The opinion of the court was delivered by: Ludwig, J.


This is an employment discrimination action. Jurisdiction is federal question. 28 U.S.C. § 1331. The complaint alleges that plaintiff Barbara Jordan, a SEPTA employee, was disciplined and wrongfully terminated in retaliation for making complaints about race and sex discrimination.*fn1 The parties have filed cross-motions for summary judgment on Count Eight, which alleges violations of the FMLA.*fn2 Defendants' motion will be granted, and judgment entered in favor of defendants and against plaintiff on Count Eight.*fn3

Correspondingly, plaintiff's motion will be denied.

The record*fn4 establishes that beginning in 1993, plaintiff was employed by SEPTA as a bus operator. Plaintiff's Concise Statement of Facts, ¶ 1. On December 2, 2009, while on duty, plaintiff reported to dispatch at SEPTA that she was experiencing pain and was taken to the hospital by ambulance for evaluation and treatment. Deposition testimony of Barbara Jordan, p. 247-48, Exhibit B to defendant's motion; Plaintiff's Concise Statement of Facts, ¶ 7. On December 3, 2009, plaintiff submitted an Operator's Accident Report and an Employee Injury Report. Exhibits C and D to defendant's motion. Also on that date, plaintiff called in sick and faxed a copy of a doctor's note to SEPTA Dispatcher Veronica Jerry. Deposition testimony of Veronica Jerry, p. 37-40, Exhibit B to plaintiff's motion; Plaintiff's "Sick Record", Exhibit D to plaintiff's motion; doctor's note, Exhibit F to plaintiff's motion.*fn5

By letter dated December 4, 2009, plaintiff's supervisor directed plaintiff to report to her work location for an appointment to be seen by a SEPTA physician. Exhibit G to defendant's motion.*fn6 Plaintiff did not do so. On December 9, 2009, plaintiff's supervisor issued a written directive to plaintiff to appear at her work location to schedule an appointment with a SEPTA physician. Exhibit G to defendant's motion ("You are hereby directed to report to me at Southern District at 8:00 AM on Monday, December 14, 2009 in order to schedule a panel doctor visit. Failure to comply with this directive will result in your being dropped from the rolls of the Authority"). Again, plaintiff did not appear, and as a result, her employment was terminated. Plaintiff's deposition, p. 291-97; December 15, 2009 correspondence, Exhibit H to defendant's motion ("Your failure to comply with this directive makes it necessary to drop you from the rolls of the Authority."); Authority Standard Rule 9.16.b, Exhibit I to defendant's motion ("The following behaviors are prohibited and subject to disciplinary action, up to and including discharge . . . (16) disobedience of rules or directive").

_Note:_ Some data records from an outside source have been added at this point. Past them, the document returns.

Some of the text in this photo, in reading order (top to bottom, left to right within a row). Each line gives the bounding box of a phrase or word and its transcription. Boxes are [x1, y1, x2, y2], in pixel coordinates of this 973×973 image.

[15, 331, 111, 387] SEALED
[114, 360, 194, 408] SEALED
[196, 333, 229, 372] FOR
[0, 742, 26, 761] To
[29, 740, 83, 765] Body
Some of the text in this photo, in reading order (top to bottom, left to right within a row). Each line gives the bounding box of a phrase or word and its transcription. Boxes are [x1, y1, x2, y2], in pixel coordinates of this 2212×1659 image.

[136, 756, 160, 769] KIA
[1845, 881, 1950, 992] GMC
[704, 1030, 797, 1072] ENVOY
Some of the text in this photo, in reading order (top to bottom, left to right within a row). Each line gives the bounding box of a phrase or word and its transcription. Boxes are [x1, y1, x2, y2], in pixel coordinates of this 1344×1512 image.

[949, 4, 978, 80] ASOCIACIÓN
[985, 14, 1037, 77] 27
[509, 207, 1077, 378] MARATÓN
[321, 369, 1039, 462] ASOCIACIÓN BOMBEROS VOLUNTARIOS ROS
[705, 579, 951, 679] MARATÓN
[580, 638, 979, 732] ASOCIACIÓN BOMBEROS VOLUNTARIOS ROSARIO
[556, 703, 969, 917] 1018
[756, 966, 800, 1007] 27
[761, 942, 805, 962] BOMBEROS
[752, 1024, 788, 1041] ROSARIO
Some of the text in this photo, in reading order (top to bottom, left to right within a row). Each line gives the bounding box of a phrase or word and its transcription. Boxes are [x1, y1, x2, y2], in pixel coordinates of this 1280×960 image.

On December 10, 2009, plaintiff submitted a Sick Benefit Application Form. Exhibit E to defendant's motion. This form triggered plaintiff's request for FMLA leave. See Exhibit E ("By applying for Sick Benefits, you have notified us of a potential FMLA qualifying event. . . . Please be advised that approval for Sick Benefits does not guarantee approval for FMLA leave."). Plaintiff was not advised that her request for FMLA leave was denied because of ineligibility and, as noted, she was discharged on December 15, 2009.

Plaintiff's Concise Statement, ¶¶ 40, 44.

AmeriHealth Casualty administers FMLA benefits for SEPTA employees. Affidavit of Vicky Duggan, Medical Program Manager of SEPTA's Human Relations Department, ¶ 6, Exhibit J to defendant's motion. As SEPTA's third-party administrator, it maintains records of employee hours worked for purposes of calculating FMLA leave. Id.; AmeriHealth Hours Worked Detail, Exhibit K to defendant's motion. Here, its records reflect that, as of December 3, 2009, plaintiff had worked 1,046 hours in the preceding 12 months. Exhibit K.*fn7

According to plaintiff, SEPTA's failure to advise her that she was ineligible for FMLA leave and its termination of her employment while she was using FMLA leave*fn8 constitute interference with and retaliation for utilization of her rights under FMLA. Defendant's position is that plaintiff was not eligible for FMLA leave, and therefore, as a matter of law, cannot state an interference claim or a retaliation claim.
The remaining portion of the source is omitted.